**Instructions for the task:**
Which lines in the entries below contain the string "PARK"? Show each of them in full.

**Data records:**
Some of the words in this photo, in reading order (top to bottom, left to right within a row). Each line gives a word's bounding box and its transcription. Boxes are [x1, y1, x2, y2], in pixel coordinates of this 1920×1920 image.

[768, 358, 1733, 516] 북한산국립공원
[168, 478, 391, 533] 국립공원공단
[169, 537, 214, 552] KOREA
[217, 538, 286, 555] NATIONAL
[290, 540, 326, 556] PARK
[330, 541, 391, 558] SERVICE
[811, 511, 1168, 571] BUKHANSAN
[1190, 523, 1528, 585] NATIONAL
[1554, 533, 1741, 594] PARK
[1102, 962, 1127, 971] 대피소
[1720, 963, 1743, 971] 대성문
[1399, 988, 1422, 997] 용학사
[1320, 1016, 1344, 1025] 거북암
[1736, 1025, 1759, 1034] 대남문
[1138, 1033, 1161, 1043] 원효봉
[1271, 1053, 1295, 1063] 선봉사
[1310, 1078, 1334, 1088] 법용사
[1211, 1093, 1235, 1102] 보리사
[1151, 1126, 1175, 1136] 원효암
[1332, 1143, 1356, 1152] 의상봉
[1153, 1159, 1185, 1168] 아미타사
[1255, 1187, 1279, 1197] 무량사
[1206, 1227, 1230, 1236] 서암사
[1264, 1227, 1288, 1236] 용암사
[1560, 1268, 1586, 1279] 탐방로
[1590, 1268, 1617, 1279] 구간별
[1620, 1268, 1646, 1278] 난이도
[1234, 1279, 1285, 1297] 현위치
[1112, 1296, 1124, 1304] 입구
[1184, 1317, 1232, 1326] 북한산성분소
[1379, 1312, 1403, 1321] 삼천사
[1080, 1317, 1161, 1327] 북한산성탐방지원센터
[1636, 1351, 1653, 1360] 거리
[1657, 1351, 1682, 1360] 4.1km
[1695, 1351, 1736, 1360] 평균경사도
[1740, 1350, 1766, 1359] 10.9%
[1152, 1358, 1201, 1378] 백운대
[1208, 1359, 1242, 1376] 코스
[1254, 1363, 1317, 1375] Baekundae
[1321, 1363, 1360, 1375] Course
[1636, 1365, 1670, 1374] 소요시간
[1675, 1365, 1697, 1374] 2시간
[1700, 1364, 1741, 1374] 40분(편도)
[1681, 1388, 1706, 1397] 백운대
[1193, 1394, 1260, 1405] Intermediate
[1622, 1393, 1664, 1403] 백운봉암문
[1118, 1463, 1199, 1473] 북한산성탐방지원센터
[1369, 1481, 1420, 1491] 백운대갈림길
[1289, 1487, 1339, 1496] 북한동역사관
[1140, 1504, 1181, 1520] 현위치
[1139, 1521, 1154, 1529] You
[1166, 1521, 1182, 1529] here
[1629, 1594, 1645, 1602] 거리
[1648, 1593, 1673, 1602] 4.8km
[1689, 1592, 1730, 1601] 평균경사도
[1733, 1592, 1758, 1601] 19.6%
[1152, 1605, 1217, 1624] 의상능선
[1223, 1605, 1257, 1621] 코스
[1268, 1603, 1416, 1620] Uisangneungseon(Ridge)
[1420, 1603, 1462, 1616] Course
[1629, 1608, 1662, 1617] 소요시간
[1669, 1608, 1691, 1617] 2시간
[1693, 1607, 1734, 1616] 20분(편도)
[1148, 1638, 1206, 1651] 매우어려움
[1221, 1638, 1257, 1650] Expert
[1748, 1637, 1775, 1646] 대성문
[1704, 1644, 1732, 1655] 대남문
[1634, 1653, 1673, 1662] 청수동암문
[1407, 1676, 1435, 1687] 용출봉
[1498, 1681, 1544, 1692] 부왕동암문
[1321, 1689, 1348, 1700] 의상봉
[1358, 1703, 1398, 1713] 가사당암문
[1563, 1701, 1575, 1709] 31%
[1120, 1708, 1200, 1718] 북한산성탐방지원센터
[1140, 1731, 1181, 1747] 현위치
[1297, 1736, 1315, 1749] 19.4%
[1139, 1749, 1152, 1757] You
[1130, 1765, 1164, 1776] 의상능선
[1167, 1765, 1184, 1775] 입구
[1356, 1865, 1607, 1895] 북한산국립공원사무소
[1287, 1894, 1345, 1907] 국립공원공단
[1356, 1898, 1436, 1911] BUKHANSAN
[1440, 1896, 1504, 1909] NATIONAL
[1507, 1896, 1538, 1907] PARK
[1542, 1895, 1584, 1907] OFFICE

**Response to this task:**
[290, 540, 326, 556] PARK
[1554, 533, 1741, 594] PARK
[1507, 1896, 1538, 1907] PARK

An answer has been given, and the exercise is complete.